Tesla (TSLA) stock trading advice is trending on Google, in a testament to the broadening speculation surrounding the stock after its extraordinary run-up.
This came on the heels of two straight days of double-digit returns that sent shares of the electric car-maker higher by a total of 36%, or $236 per share by Tuesday’s close. Tesla shares had more than doubled for the year to date through Tuesday.
“‘Buy Tesla stock’ is now the #1 autocomplete suggestion for the Google query “should I…,’” Datatrek co-founder Nicholas Colas wrote in a note Wednesday. “That’s pretty much all you need to know about this move.”
In other words, the implication seems to be that interest in Tesla’s stock has gone beyond the realm of active traders and experienced investor. Tesla’s surge has gone mainstream, and it may explain where the flood of buyers are coming from to bid up the stock.

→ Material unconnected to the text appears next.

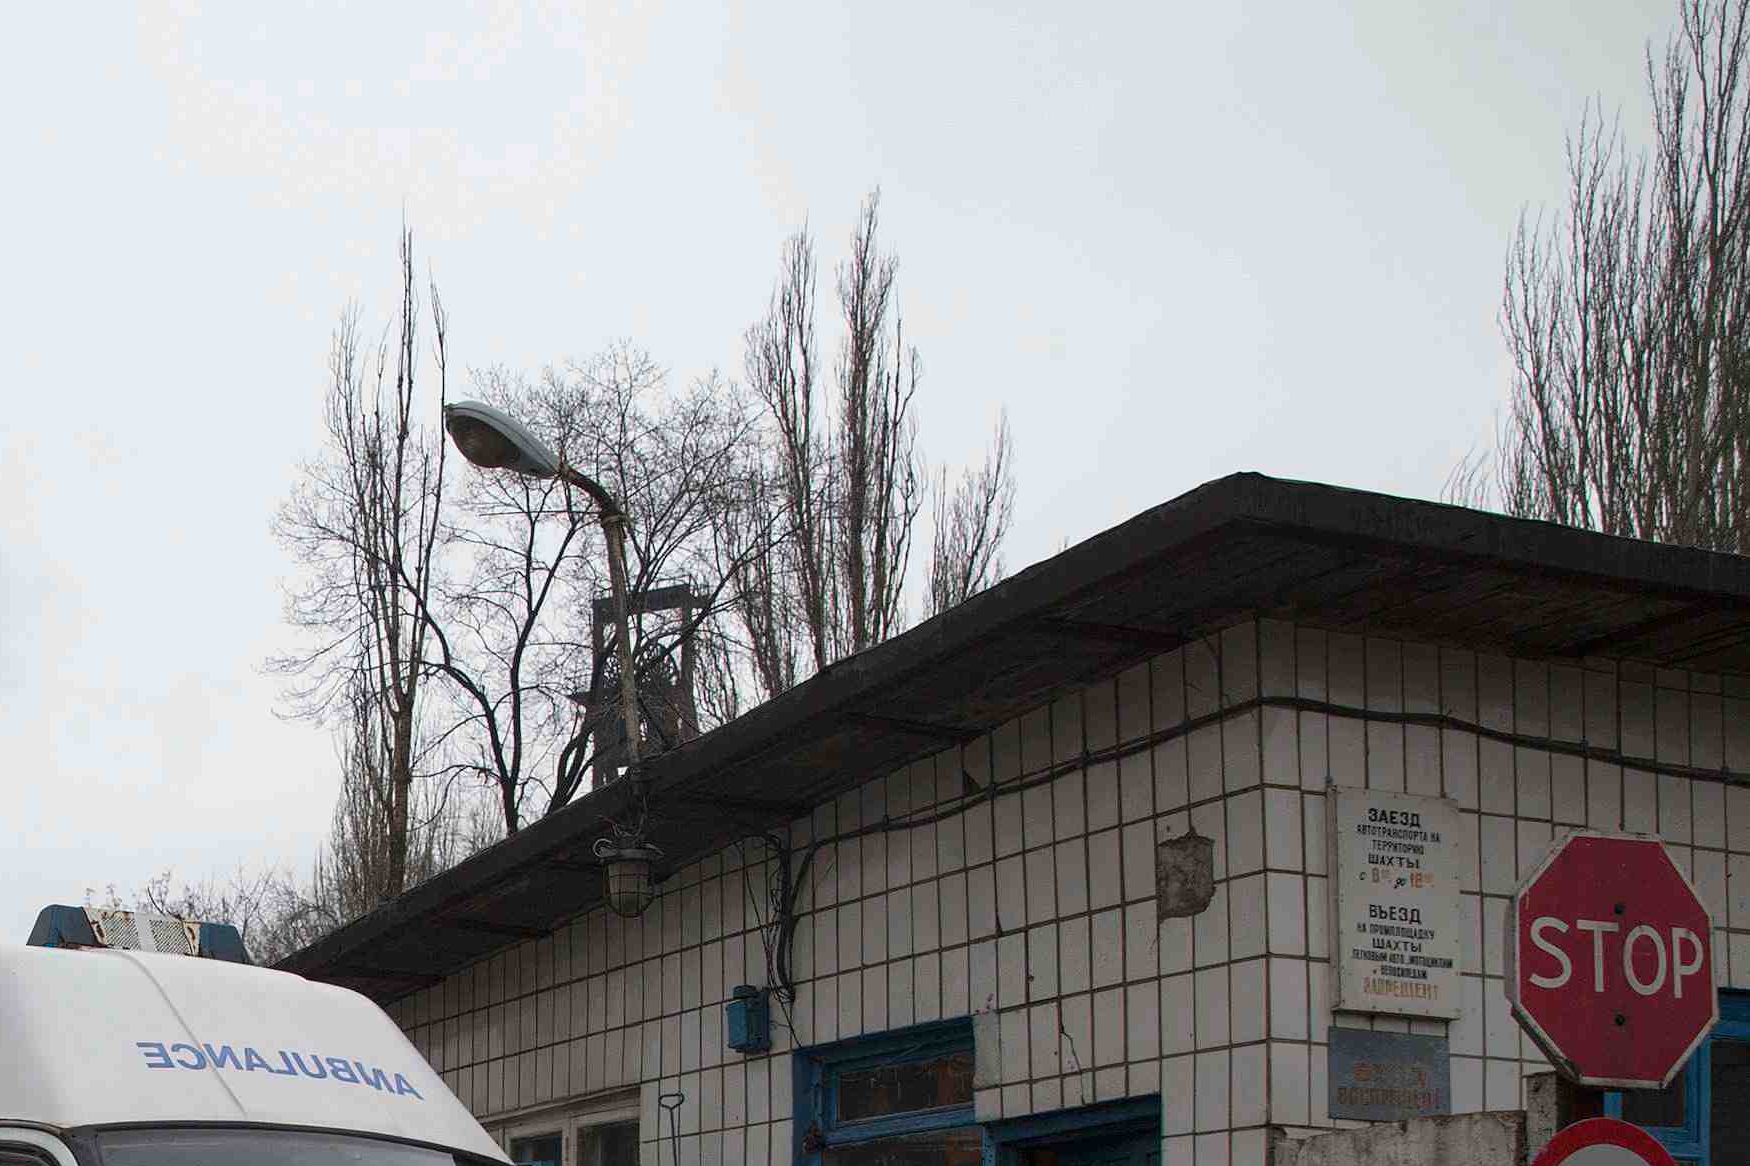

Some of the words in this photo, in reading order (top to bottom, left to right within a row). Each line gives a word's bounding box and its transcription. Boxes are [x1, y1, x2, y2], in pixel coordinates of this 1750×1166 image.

[1368, 808, 1420, 828] ЗАЕЗД
[1368, 853, 1419, 869] ШАХТЫ
[1372, 938, 1421, 953] ШАХТЫ
[1528, 916, 1704, 999] STOP

According to Google, autocomplete predictions are generated as the company’s algorithms “look at the real searches that happen on Google and show common and trending ones relevant to the characters that are entered and also related to your location and previous searches.” (Tesla’s rank in Google’s autocomplete suggestions held even when an incognito window without search history was opened by Yahoo Finance).
More broadly, a Google Trends analysis as of Wednesday morning showed search interest for the query “tesla stock” peaked for the most recently reported week of January 26 to February 1. The number one most-related query to that search, according to Google, was “beyond meat stock,” another high-flying stock that saw a similar run-up in prices last year. And Tesla’s stock surge has earned it bubble-like comparisons on other measures as well: The stock on Tuesday hit overbought levels that exceeded Bitcoin at its peak, based on one technical indicator.

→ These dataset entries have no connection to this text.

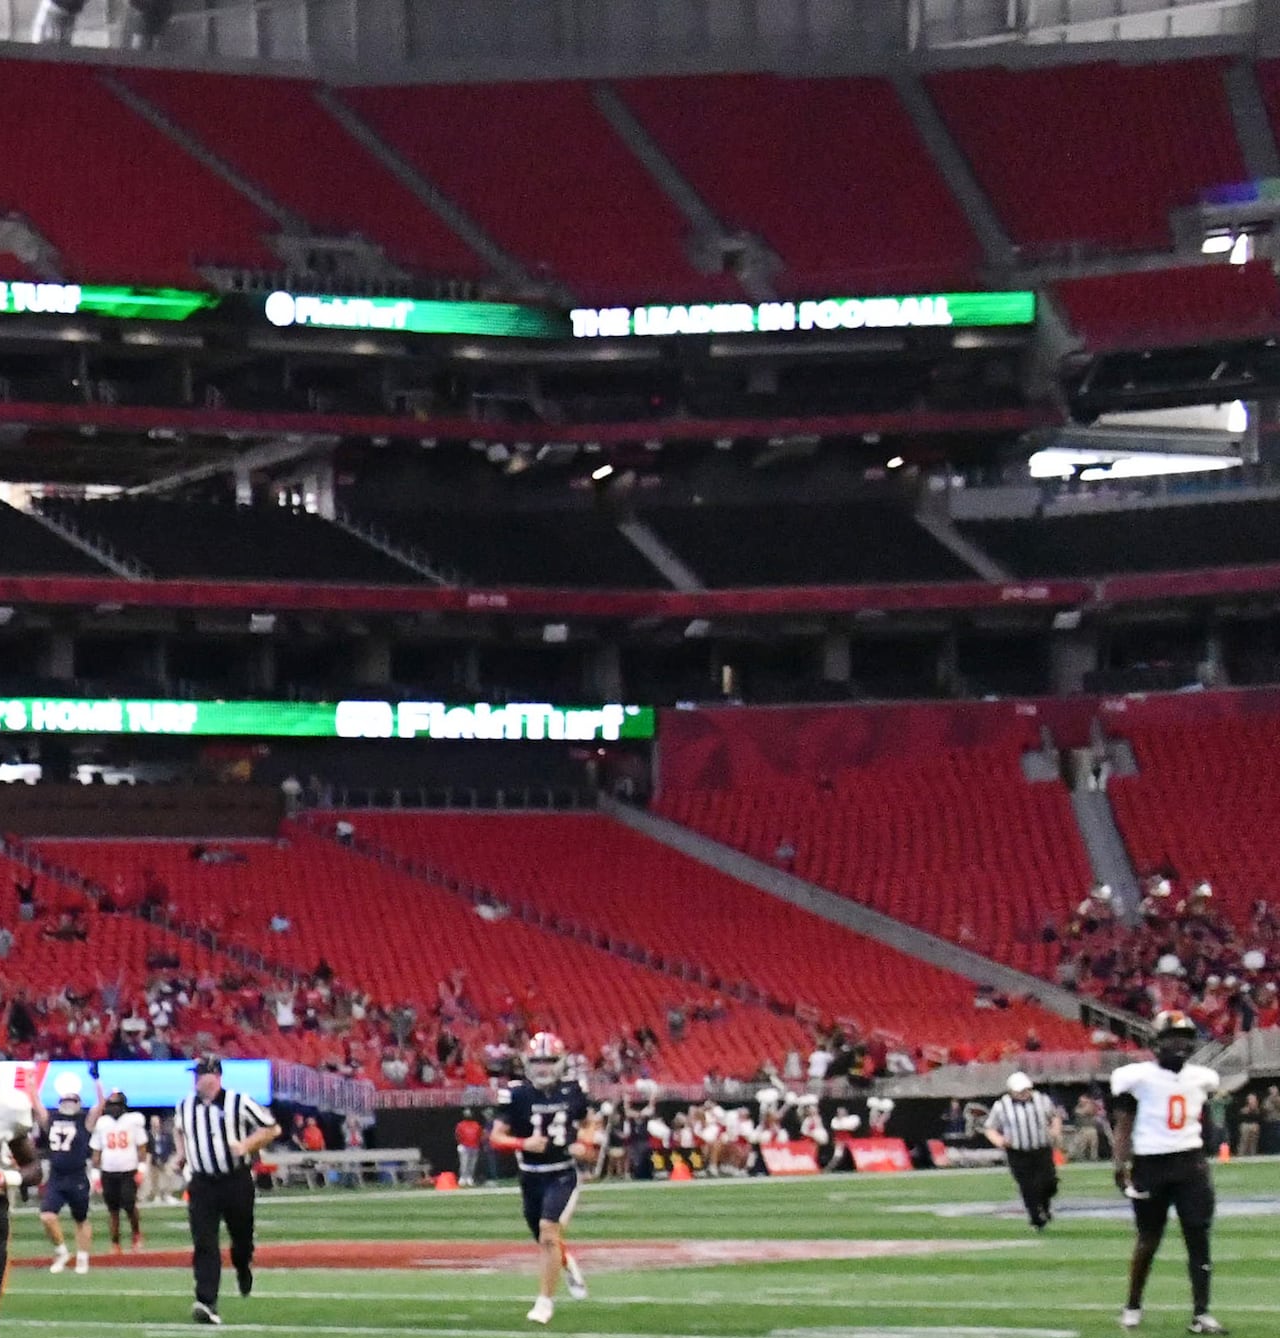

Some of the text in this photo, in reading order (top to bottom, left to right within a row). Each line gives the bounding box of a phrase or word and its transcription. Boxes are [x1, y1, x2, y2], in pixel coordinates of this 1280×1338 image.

[11, 282, 82, 313] TURF
[570, 297, 953, 337] THE LEADER IN FOOTBALL
[32, 701, 123, 732] HOME
[125, 702, 198, 733] TURF
[396, 700, 625, 740] FieldTurf
[1167, 1094, 1187, 1130] 0
[48, 1124, 77, 1152] 57

Taken together, Tesla’s sudden spike in search interest in tandem with the surge in its stock price speaks to the broad intrigue of the company among bulls and bears alike.
But even though Tesla’s stock sits at the top of queries one of the world’s largest search engines, it’s probably not one of the top holdings for an investor holding a market portfolio.
As Datatrek points out, to be considered for inclusion in the S&P 500 – the most popular large cap index – a company must have its trailing four quarters of reported GAAP earnings be positive. It must also delivered positive GAAP earnings in its most recently reported quarter. Tesla otherwise meets other requirements, including having a U.S. domicile, a single class of stock, liquidity and at least six to 12 months of “seasoning” as a public company.
Tesla’s last four quarters of GAAP earnings totaled negative $862 million, Datatrek noted in its analysis. Tesla could be eligible for inclusion if it posted a first-quarter profit of at least $161 million, offsetting a second-quarter 2019 loss given that its third- and fourth-quarter earnings were positive by a combined $248 million.
“The bottom line here: index based investing, especially tied to S&P criteria, misses important disruptive companies while hanging on for dear life to the disrupted,” Colas wrote.
“Despite TSLA’s unquestioned popularity, only 4.2% of its float sits in ETFs, versus 7.3% for GM and 8.2% for Ford,” he said. “It’s easy to make a case for why it should be the other way around, even if TSLA’s valuation were actually reasonable rather than stratospheric.”